Nel dopo partita l’analisi del tecnico canarino Roberto Stellone dopo una partita non bella e tre punti presi all’ultimo minuto: “Ci siamo complicati la vita da soli, dopo il buon inizio di partita e dopo il vantaggio potevamo subito chiudere la partita - esordisce Stellone - Abbiamo avuto due occasioni in cui dovevamo essere più cattivi, poi alla prima azione, come spesso capita, abbiamo preso il gol. Quando ti trovi di fronte una squadra con dieci giocatori dietro la palla non è semplice, non abbiamo più subito un tiro in porta dei nostri avversari ma questo è un campionato complicato e difficile. La vittoria comunque è meritata, ho visto una squadra che ha subito un solo tiro in porta, come a Nocera e a Barletta. Pensiamo che siamo secondi in classifica e veniamo da quattro vittorie consecutive. Se vogliamo raggiungere dei risultati importanti abbiamo bisogno della gente che deve darci sostegno ed entusiasmo. Durante la partita fischi e contestazioni non aiutano”. Anche il presidente Stirpe analizza il dopo partita e per un attimo rivolge un appello ai tifosi: “Lancio un appello ai nostri tifosi: ai ragazzi della Curva Nord chiedo di chiarire al più presto questa situazione. Sono stati vittime, questo è un dato di fatto, di un fatto gravissimo. Ma la squadra ha bisogno di loro, come ha bisogno dei tifosi degli altri settori. Il Comunale deve tornare ad essere un muro invalicabile. E’ necessario che una squadra che viaggia ad alta classifica e che lavora per raggiungere il vertice, che l’ambiente si rassereni il prima possibile. Una stagione importante si costruisce tutti insieme, l’ho sempre dichiarato in passato e voglio rafforzare il concetto adesso”. Poi il commento sulla partita: “E’ stata una partita strana contro la Paganese - dice Stirpe - La partita l’abbiamo tenuta in mano noi. Dobbiamo assolutamente migliorare, essere più cattivi, chiudere le partite. Lo dico da settimane ormai.
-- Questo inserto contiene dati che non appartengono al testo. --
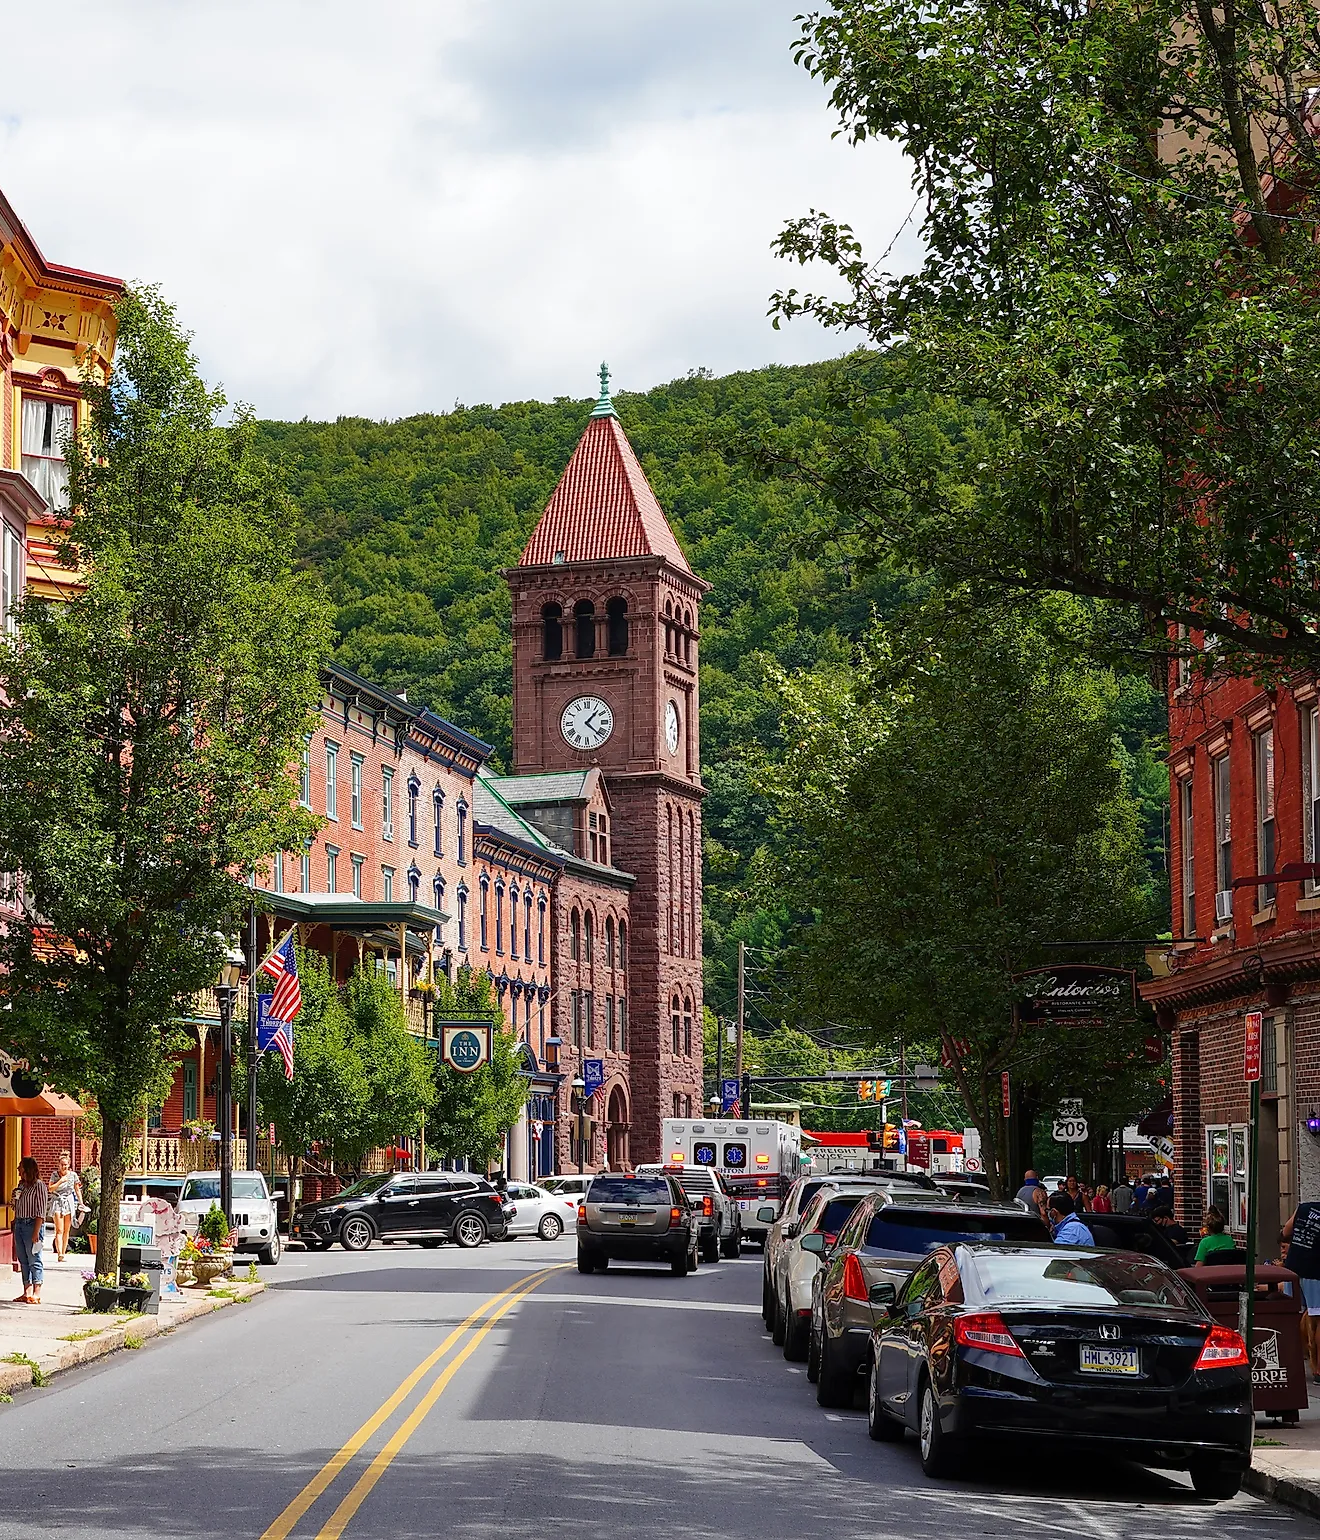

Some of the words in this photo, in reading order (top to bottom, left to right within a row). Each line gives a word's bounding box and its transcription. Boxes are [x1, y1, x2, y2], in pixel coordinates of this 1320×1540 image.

[452, 1046, 479, 1057] INN
[1056, 1122, 1085, 1137] 209
[138, 1231, 150, 1244] END
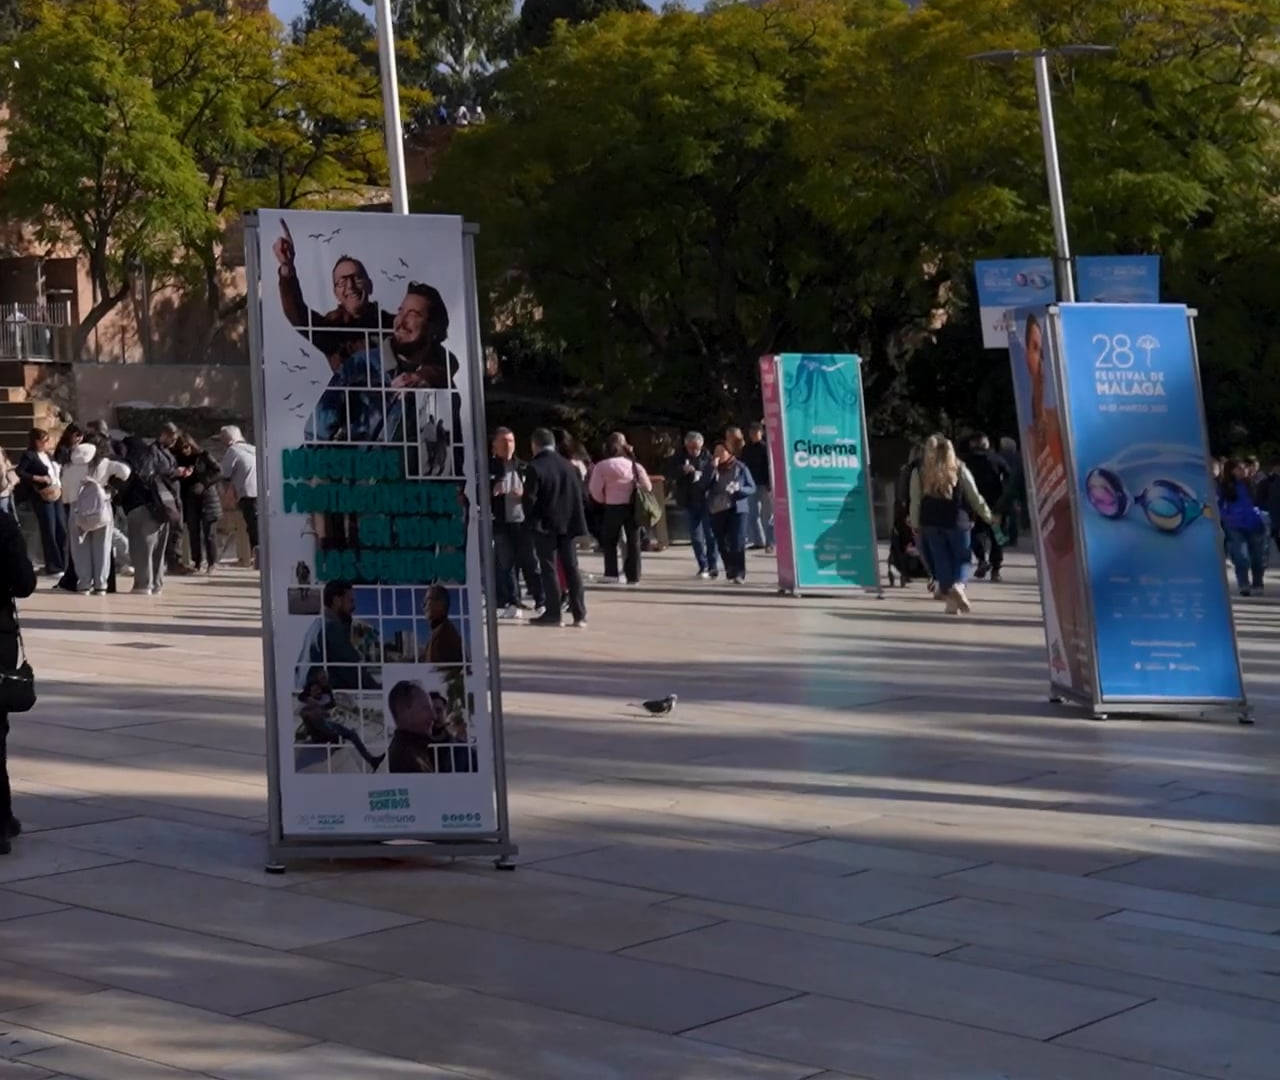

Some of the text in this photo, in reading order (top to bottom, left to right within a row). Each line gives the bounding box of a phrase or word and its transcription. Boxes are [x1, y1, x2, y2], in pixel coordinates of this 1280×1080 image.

[1092, 334, 1135, 368] 28
[1095, 371, 1146, 381] FESTIVAL
[794, 439, 857, 455] Cinema
[793, 451, 859, 468] Cocina
Se avessimo capitalizzato le occasioni da gol del primo tempo saremmo andati al riposo 4-1. Vedo la squadra ad un 70% ma ha ampi margini per migliorare ancora”. Poi il presidente va per un attimo al modulo di gioco, dove questo Frosinone può giocare con varie soluzioni: “Il 4-2-4 porta a rischiare di più, è evidente. E in mezzo al campo si fatica. Soffri se non capitalizzi le occasioni che crei. Come nel primo tempo con Nocerina e Barletta. Dobbiamo essere più cattivi ed abbiamo tutte le qualità per esserlo”.